The Refactoring Avalanche

26 Aug, 2024

Software is an intriguing discipline, and one of its most captivating aspects is how small events have humongous consequences. A recent exercise in refactoring at one of my projects showed me how seemingly tiny changes could trigger huge improvements in understanding and productivity. Some refactorings aren't dissimilar to a snowflake setting off an avalanche.

I was working on an application that processed data representing railway networks (or topologies).
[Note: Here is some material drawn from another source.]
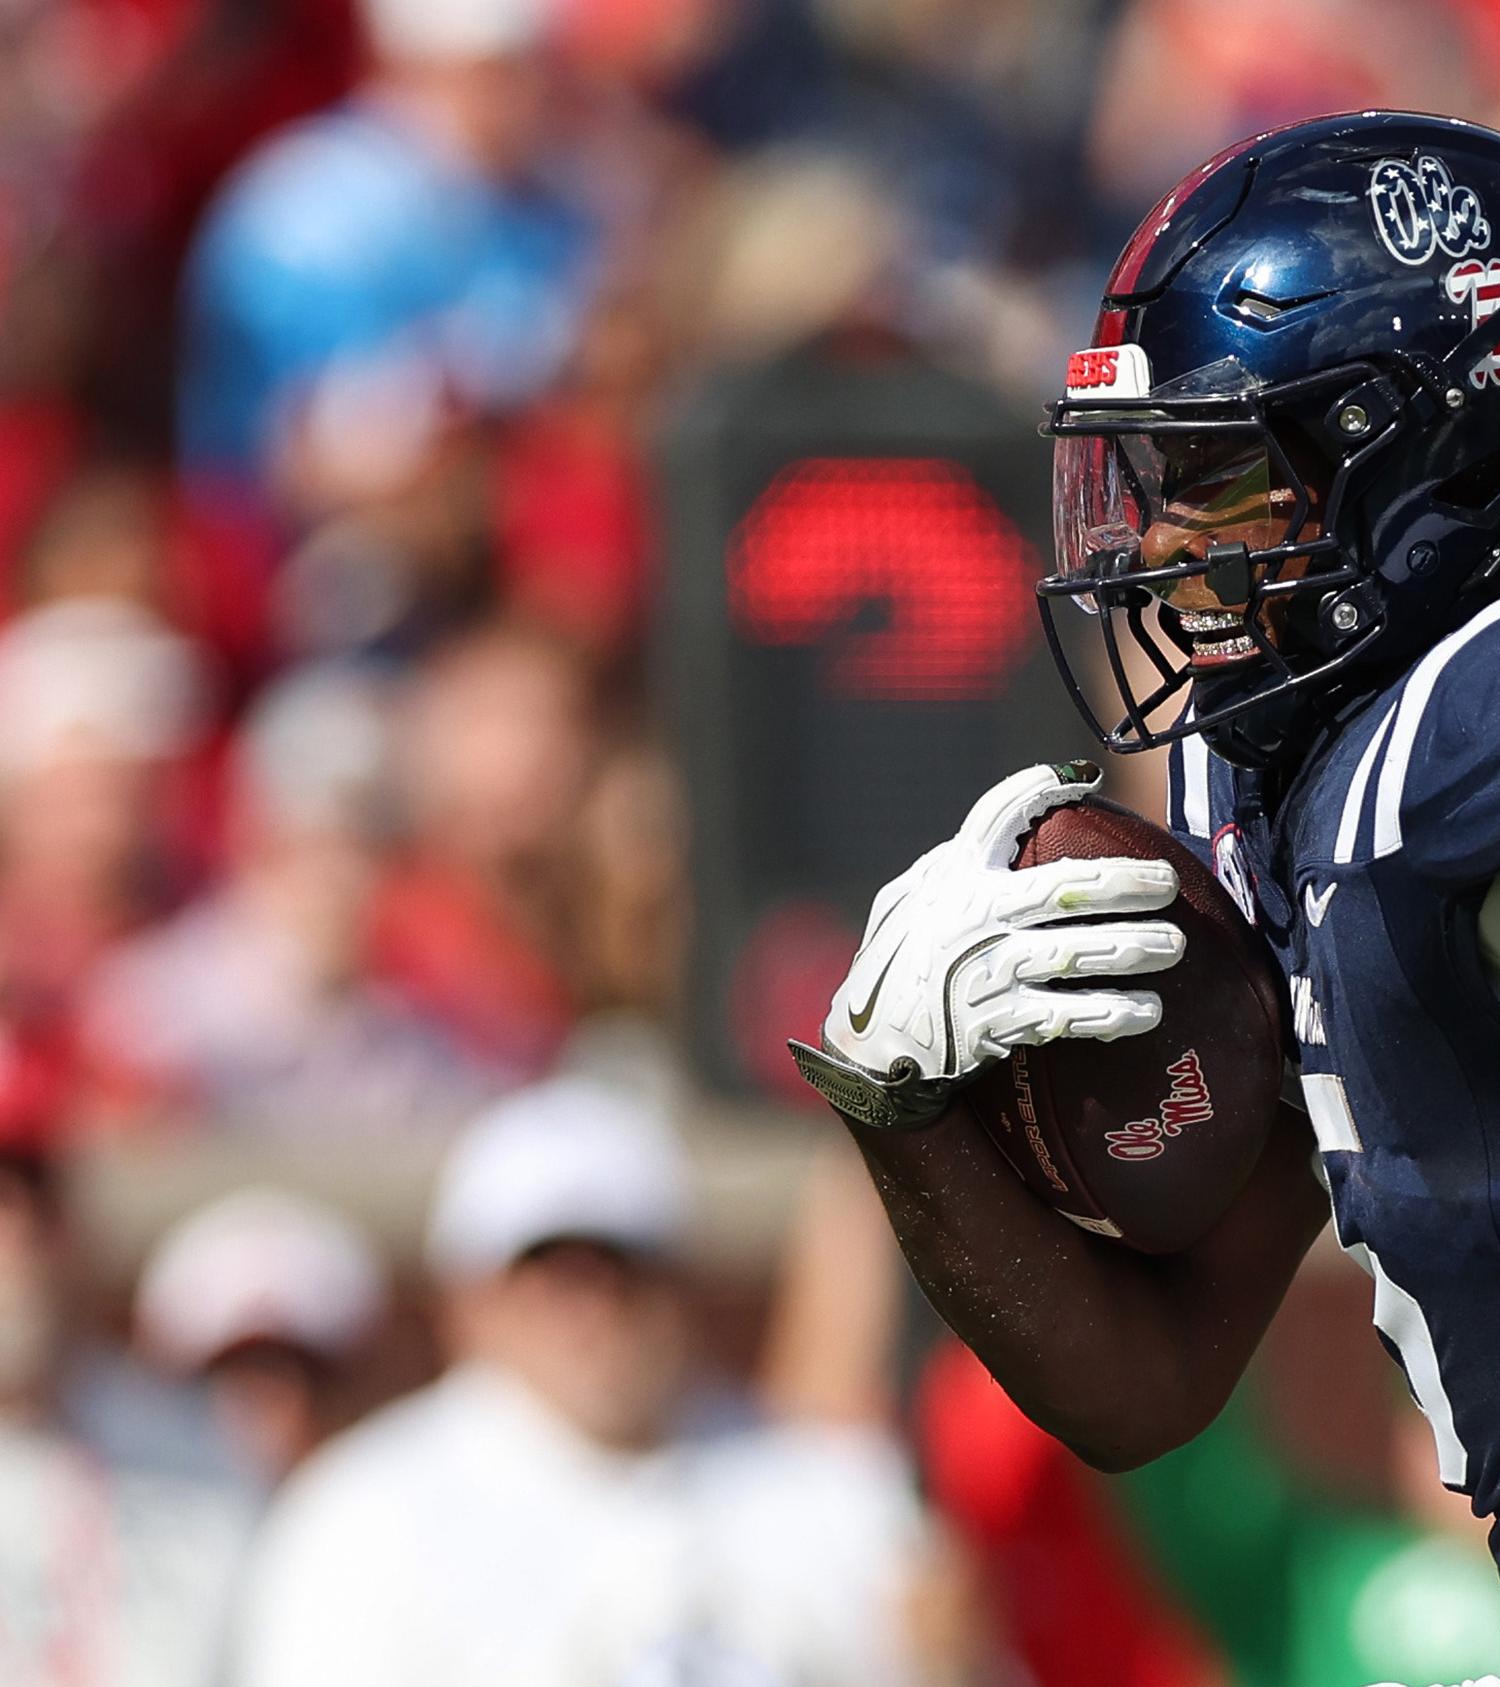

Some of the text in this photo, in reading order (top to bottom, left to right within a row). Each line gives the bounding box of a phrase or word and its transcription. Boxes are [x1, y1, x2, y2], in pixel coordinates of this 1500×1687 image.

[1371, 156, 1491, 266] Ole
[1104, 1048, 1214, 1161] Ole Miss
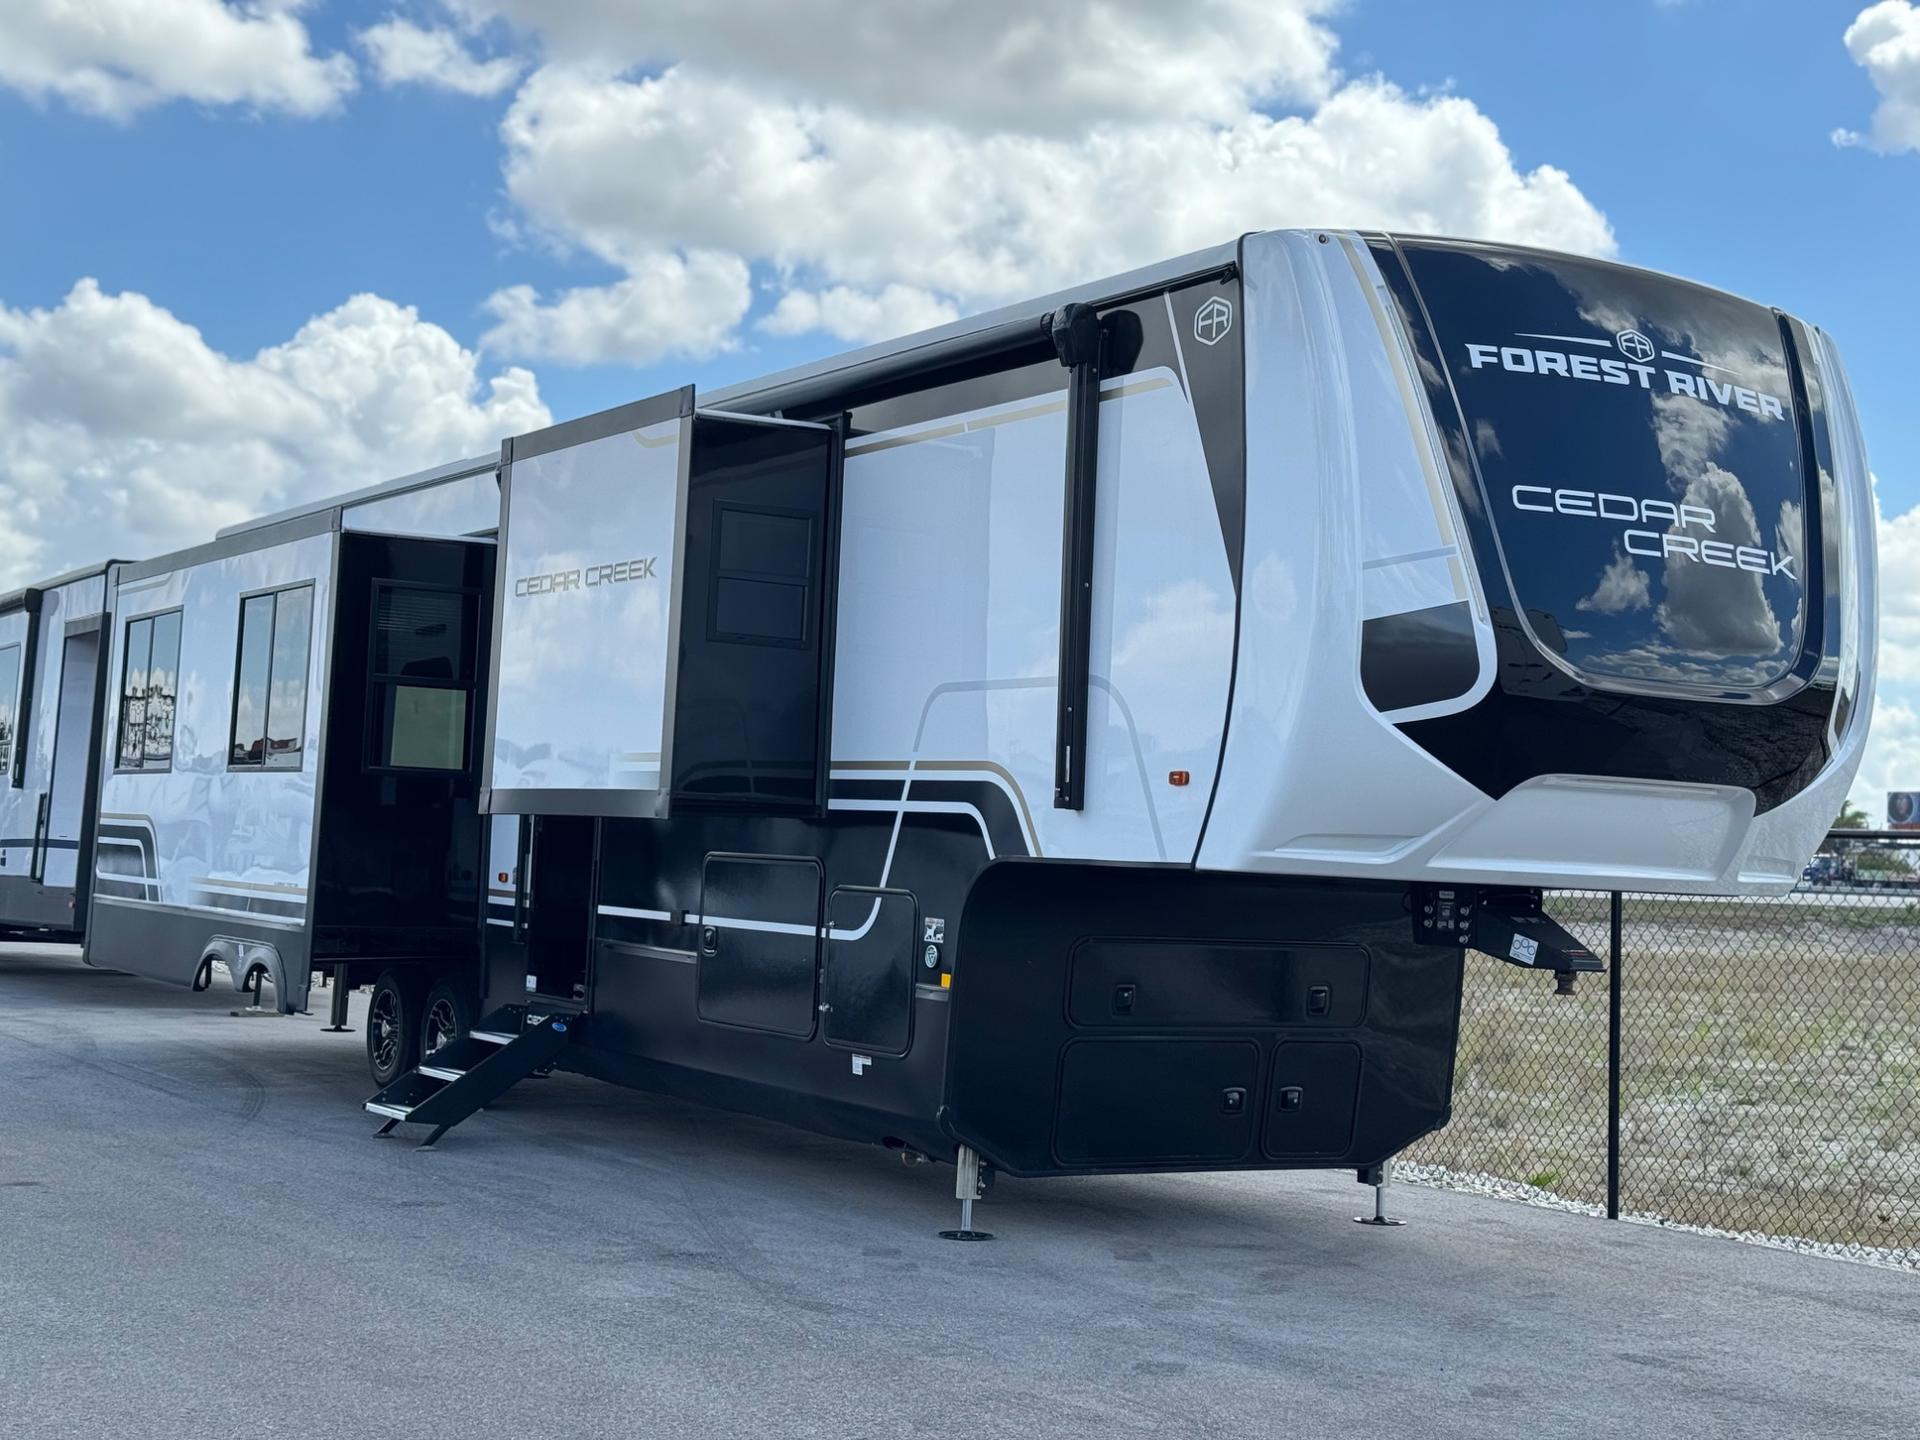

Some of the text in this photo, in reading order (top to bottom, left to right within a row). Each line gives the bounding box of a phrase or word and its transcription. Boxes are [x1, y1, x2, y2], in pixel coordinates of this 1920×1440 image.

One core functionality was consolidating different railway representations into an all-encompassing view–think of it as having the traffic plotted on a road network map.

simple_topology

a simplified railway topology

First, I must explain a little context regarding this (simplified) topology in order to get you up to speed on the domain. Railway topologies are often represented using edges and nodes. Edges connect two nodes to each other. In this example, and the later code samples, I distinguish between two types of nodes: a switch and a buffer stop. A track switch allows trains to go from one track to the other. The buffer stop is there to prevent the train from exceeding the end of the track.

trackswitch

Track switch

bufferstop

Buffer stop

Back to the problem at hand, consolidating railway datasets. It sounds simple, but reality never is. Correlating data between different sources was not easy, so we had to create an intricate algorithm. As more cases arose, however, it became unworkable.

One of the major problems was our model of the railway network underpinning the algorithm at the time. The model was a flat structure: edges only knew their nodes by reference and not directly–almost like database normalization. It wasn't ideal, but since we'd inherited it, it took us a long time to consider alternatives.

case class RailwayData(
 nodes: Set[TrackNode],
 edges: Set[TrackEdge],
 // other 'flat' data
)

Flat top-level structure

case class TrackNode(
  id: UUID,
  nodeType: NodeType,
  // other properties 
)

sealed trait NodeType
case object BufferStop extends NodeType
case object Switch extends NodeType

case class TrackEdge(
 from: UUID,
 to: UUID,
 length: Double,
 // other properties
)

Edges only knew nodes via their ids

To be able to evolve the consolidation algorithm, we set out to improve it. We went back to the drawing board and built it up from scratch. In the process, we made some improvements, which turned out to be unexpectedly instrumental in our later success.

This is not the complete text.